The Medicare premium is based on your “modified adjusted gross income” from two years ago. However, if you can show that a “life-changing event” will lower your current income, you can reduce your current premium surcharge. This may be because (1) you and/or your spouse are retired and your income is lower, (2) your spouse has died, (3) you have gotten a divorce, or (4) your previous income was higher because of a sale of a farm or business.
What if you decide to do a Roth conversion, or to take a large IRA distribution? Unfortunately, the decision to convert funds from a regular IRA to a Roth IRA, or to take a large, income-taxable IRA withdrawal is not a “life-changing event.” However, Social Security analyzes your income every year (but has a two-year delay for Medicare surcharges). This means that a one-time conversion to a Roth or a large IRA withdrawal won’t result in a surcharge for more than one year.

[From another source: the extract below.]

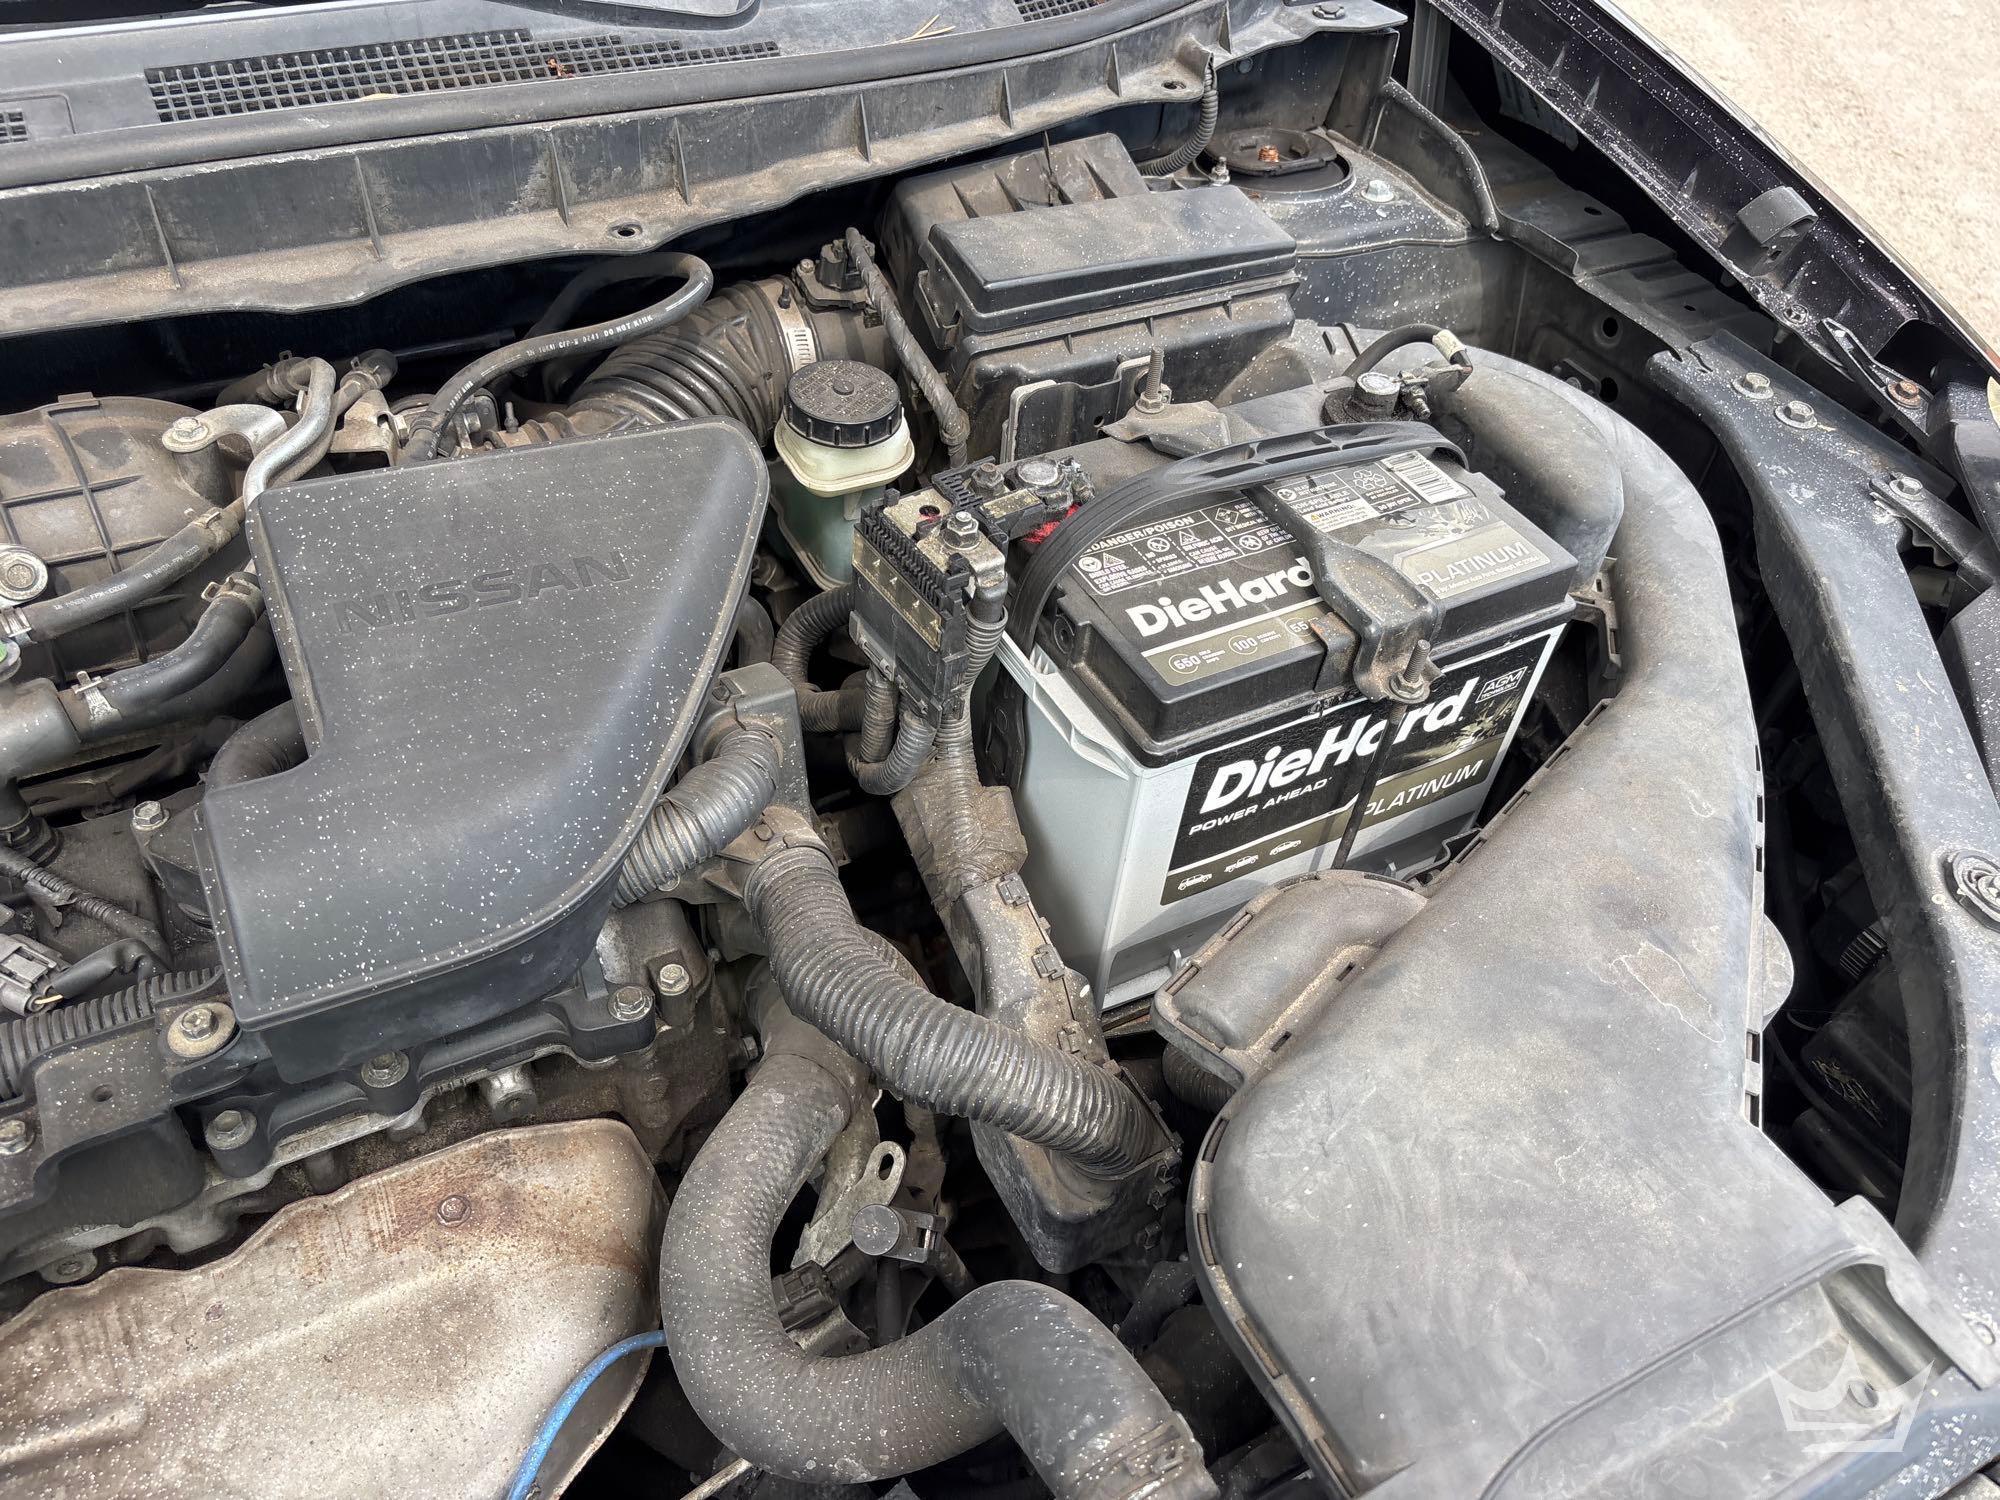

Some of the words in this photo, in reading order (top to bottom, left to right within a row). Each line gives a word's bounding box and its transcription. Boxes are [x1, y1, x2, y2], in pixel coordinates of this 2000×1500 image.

You will receive a notice from Social Security of a proposed surcharge, based on your higher adjusted gross income. You can, and should, appeal this surcharge using form SSA-44 if you have had a drop in income. If you just retired, send in a letter from your employer stating you have retired and your tax return for the prior year (remember the two-year lag before the surcharge happens). When your income is lower because of the death of a spouse (especially the higher income spouse, based upon lifetime earning records) send in a copy of the death certificate.
Here are some other handy tips to avoid a surcharge:
- Instead of doing one large conversion to a Roth, spread it out over several years.
- Take advantage of charitable gifts from your IRA if you are over 72, thereby receiving a qualified charitable distribution so your IRA minimum required distribution does not increase your modified adjusted gross income.
- Continue contributing to a 401(k) or other retirement account to reduce your adjusted gross income if you have earned income. Please remember you can now fund a retirement account each year after age 70 if you have employment income.